# Study Permit Holder Spouse (under Work Permit) traveling before main applicant



## Wirazo (Jan 1, 2014)

Dear users,

My wife and I applied for a Study Permit and Work Permit (as a dependant) respectively at the same time, we have 2 kids, they applied for study permit as well. My question is simple, may I travel before her to Canada (7 to 10 days before) in order to find a house and to buy some things my family might need when they arrive?
In 2019 I applied for a study permit, and she was granted with an open work permit, but that opportunity I was the main applicant so I traveled first without issues.

Thanks in advance


----------



## Jen16 (8 mo ago)

Wirazo said:


> Dear users,
> 
> My wife and I applied for a Study Permit and Work Permit (as a dependant) respectively at the same time, we have 2 kids, they applied for study permit as well. My question is simple, may I travel before her to Canada (7 to 10 days before) in order to find a house and to buy some things my family might need when they arrive?
> In 2019 I applied for a study permit, and she was granted with an open work permit, but that opportunity I was the main applicant so I traveled first without issues.
> ...


Hey, I am sorry I am not able to answer your query.
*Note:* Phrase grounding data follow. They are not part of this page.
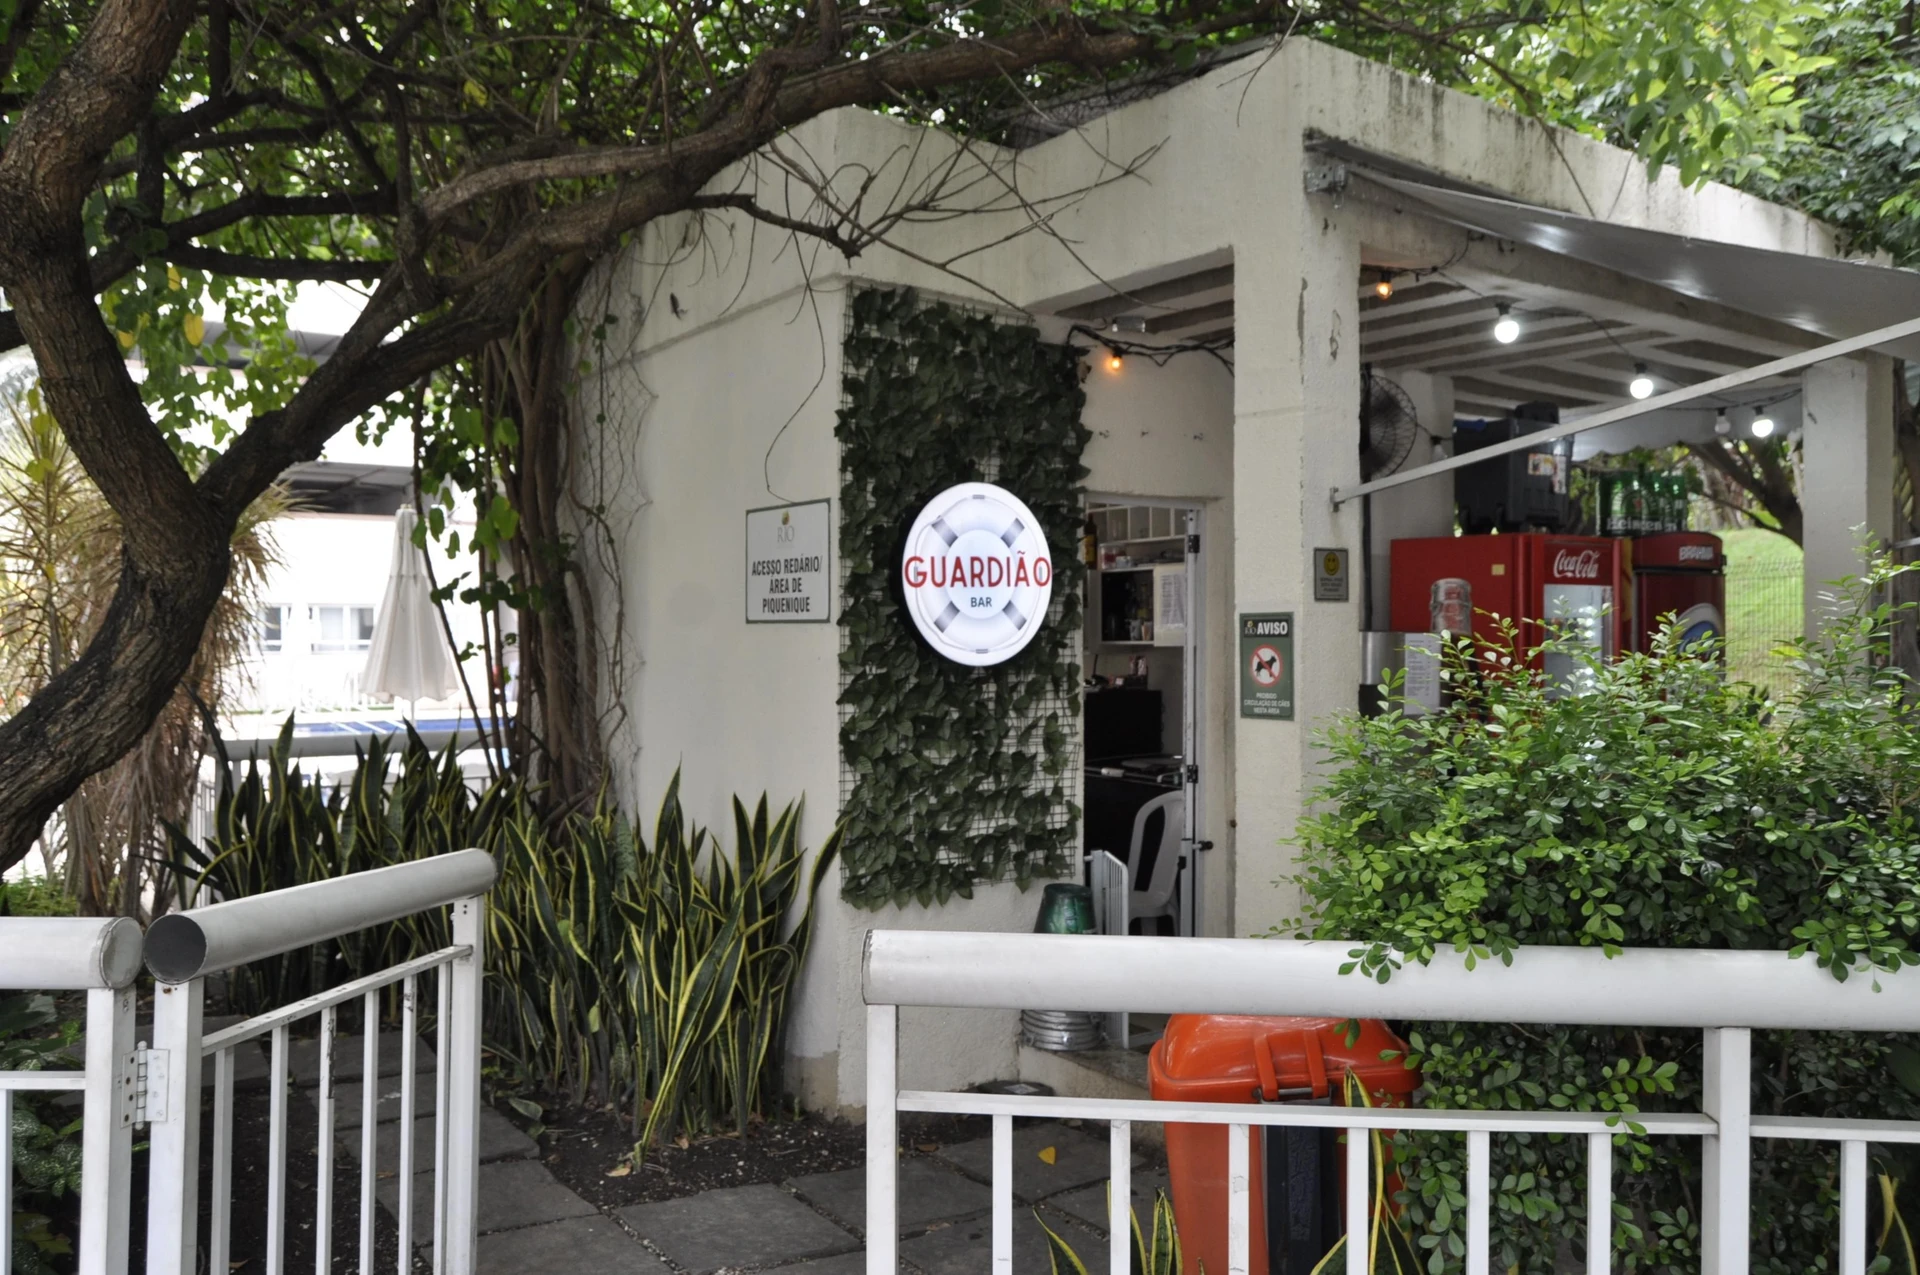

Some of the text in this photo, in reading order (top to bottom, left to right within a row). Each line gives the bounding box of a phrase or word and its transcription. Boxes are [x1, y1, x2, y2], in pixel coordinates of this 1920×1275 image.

[752, 559, 781, 576] ACESSO
[904, 550, 1051, 588] GUARDIÃO
[769, 575, 802, 594] ÁREA DE
[762, 597, 810, 614] PIQUENIQUE
[970, 597, 992, 608] BAR
[1257, 621, 1288, 635] AVISO
But may I please know if you can process your study permit and spouse open work permit at same time. Or do we need to apply for work permit only after you start studying in Canada. Thank you!


----------



## Wirazo (Jan 1, 2014)

Yes you can, that's what we actually did, there is no issue in applying together.


----------



## Jen16 (8 mo ago)

Wirazo said:


> Yes you can, that's what we actually did, there is no issue in applying together.


Thats great. Thank you


----------



## insider580 (Nov 16, 2015)

Wirazo said:


> Dear users,
> 
> My wife and I applied for a Study Permit and Work Permit (as a dependant) respectively at the same time, we have 2 kids, they applied for study permit as well. My question is simple, may I travel before her to Canada (7 to 10 days before) in order to find a house and to buy some things my family might need when they arrive?
> In 2019 I applied for a study permit, and she was granted with an open work permit, but that opportunity I was the main applicant so I traveled first without issues.
> ...


Can you give some timeslines usually how soon they issue the study permit for kids? I am waiting for my son's study permit for quite some time now. Your timeslines might help to estimate


----------



## Wirazo (Jan 1, 2014)

Hi,

We applied together, we received the medical exam passed update on July 13rd, we are waiting for the PPR, we hope to get it this week.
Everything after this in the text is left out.